Metformin hydrochloride is indicated as monotherapy, indicated as an adjunct to diet and exercise to improve glycemic control in patients with type II diabetes. Metformin immediate release dosage form is indicated in patients with 10 years of age and older, and metformin extended release dosage form is indicated in patients with 17 years of age and older. Metformin may be used concomitantly with a sulfonylurea or insulin to improve glycemic control in adults (17 years of age and older).
Dosage and Administration
The usual effective dosage of metformin hydrochloride is 1500- 2550 mg/day given in divided doses.
There is no fixed regimen for the management of hyperglycemia in patients with type II diabetes. Dosage must be individualized on the basis of both effectiveness and tolerance, while not exceeding the maximum recommended daily dose. The maximum recommended daily dose of extended release tablet in adult is 2500 mg.
Recommended starting dose of metformin is 500 mg twice daily given with the morning and evening meal. To further minimize gastrointestinal side effects, a starting dosage of 500 mg once daily may benefit some patients. The dosage may be increased gradually by 500 mg per week or 850 mg every other week. The usual maintenance dosage is 500 mg thrice daily or 850 mg twice daily given with morning and evening meals.

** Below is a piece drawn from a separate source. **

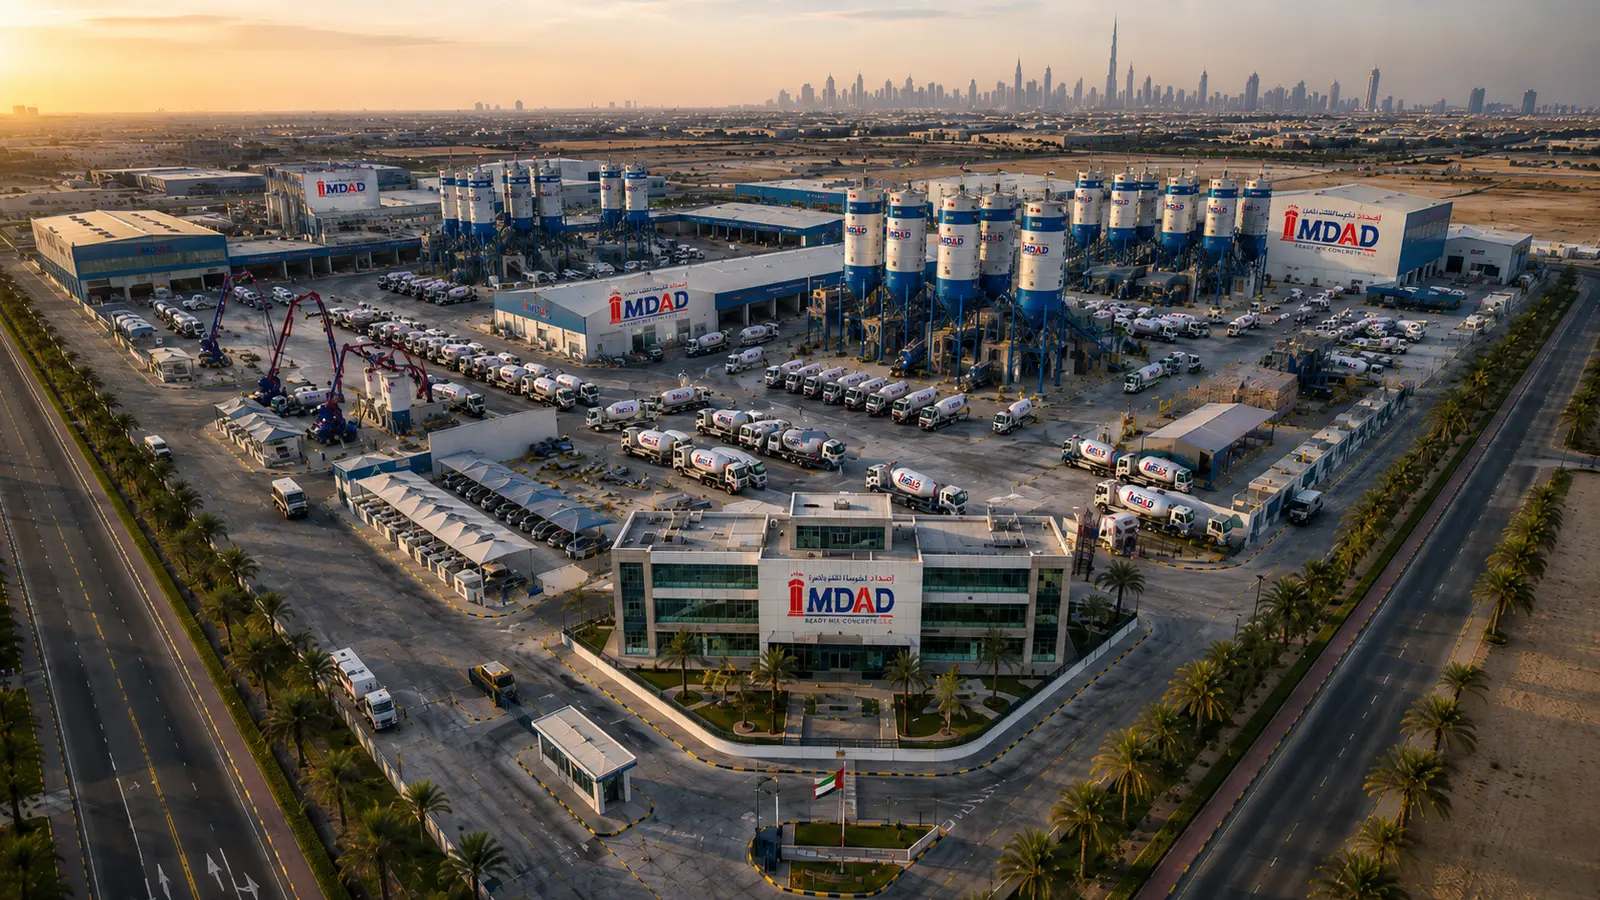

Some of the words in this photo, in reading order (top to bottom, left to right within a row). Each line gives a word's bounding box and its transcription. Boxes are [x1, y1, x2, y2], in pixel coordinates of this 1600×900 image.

Although food decreases the extent of and slightly delays absorption of metformin, the manufacturer states that the clinical importance of these effects is not known and recommends that Metformin hydrochloride be taken with meals to decrease adverse G.I. effects.
Therapy with metformin hydrochloride is contraindicated in patients with:
1. Renal disease or renal dysfunction (e.g., as suggested by serum creatinine levels greater than 1.5 mg/dl [males], greater than 1.4 mg/dl [females] or abnormal creatinine clearance), which may also result from conditions such as cardiovascular collapse (shock), acute myocardial infarction, and septicemia.

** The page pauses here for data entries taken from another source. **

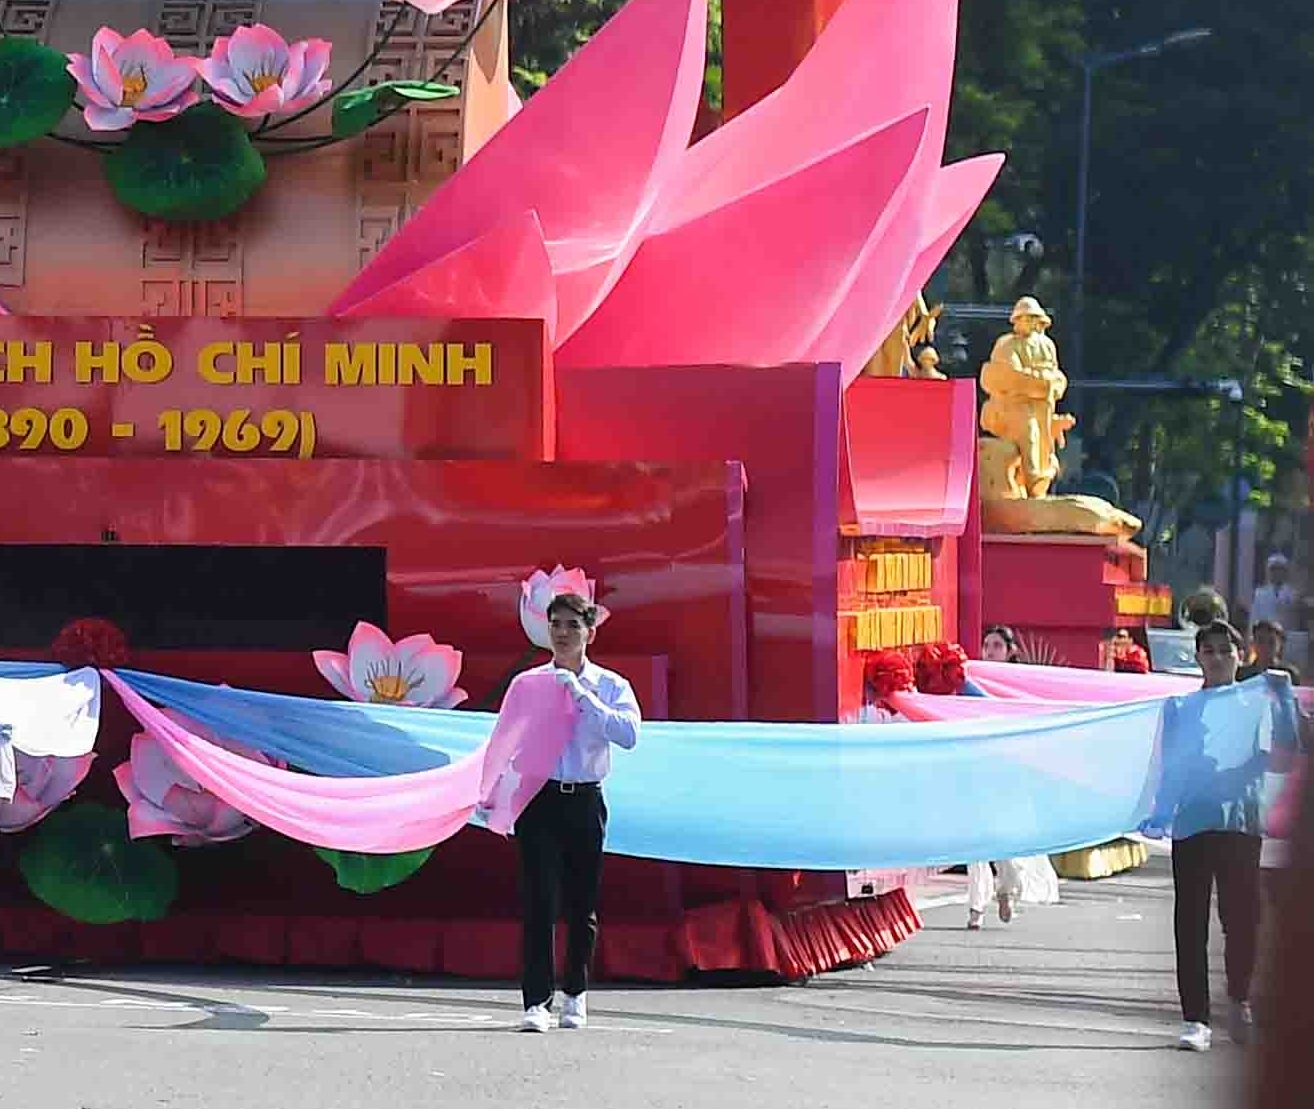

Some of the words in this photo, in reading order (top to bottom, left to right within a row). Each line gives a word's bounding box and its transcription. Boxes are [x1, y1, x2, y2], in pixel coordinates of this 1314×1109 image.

[75, 323, 174, 384] HỒ
[198, 330, 302, 385] CHÍ
[324, 342, 493, 386] MINH
[112, 423, 135, 438] -
[158, 408, 316, 459] 1969)

2. Congestive heart failure requiring pharmacological treatment.
3. Known hypersensitivity to metformin hydrochloride.
4. Acute or chronic metabolic acidosis, including diabetic ketoacidosis, with or without coma. Diabetic ketoacidosis should be treated with insulin.
Metformin should be temporarily discontinued in patients undergoing radiologic studies involving intravascular administration of iodinated contrast materials, because use of such products may result in acute alteration of renal function.
Approximately 30% of patients may have gastrointestinal adverse effects, such as diarrhoea, nausea, epigastric discomfort, and anorexia.These effects are usually mild, resolve in days or weeks, and appear to occur more frequently in women. Gastrointestinal side effects are commonly dose related; gradually increasing the dosage. The most worrisome adverse effect of metformin is lactic acidosis.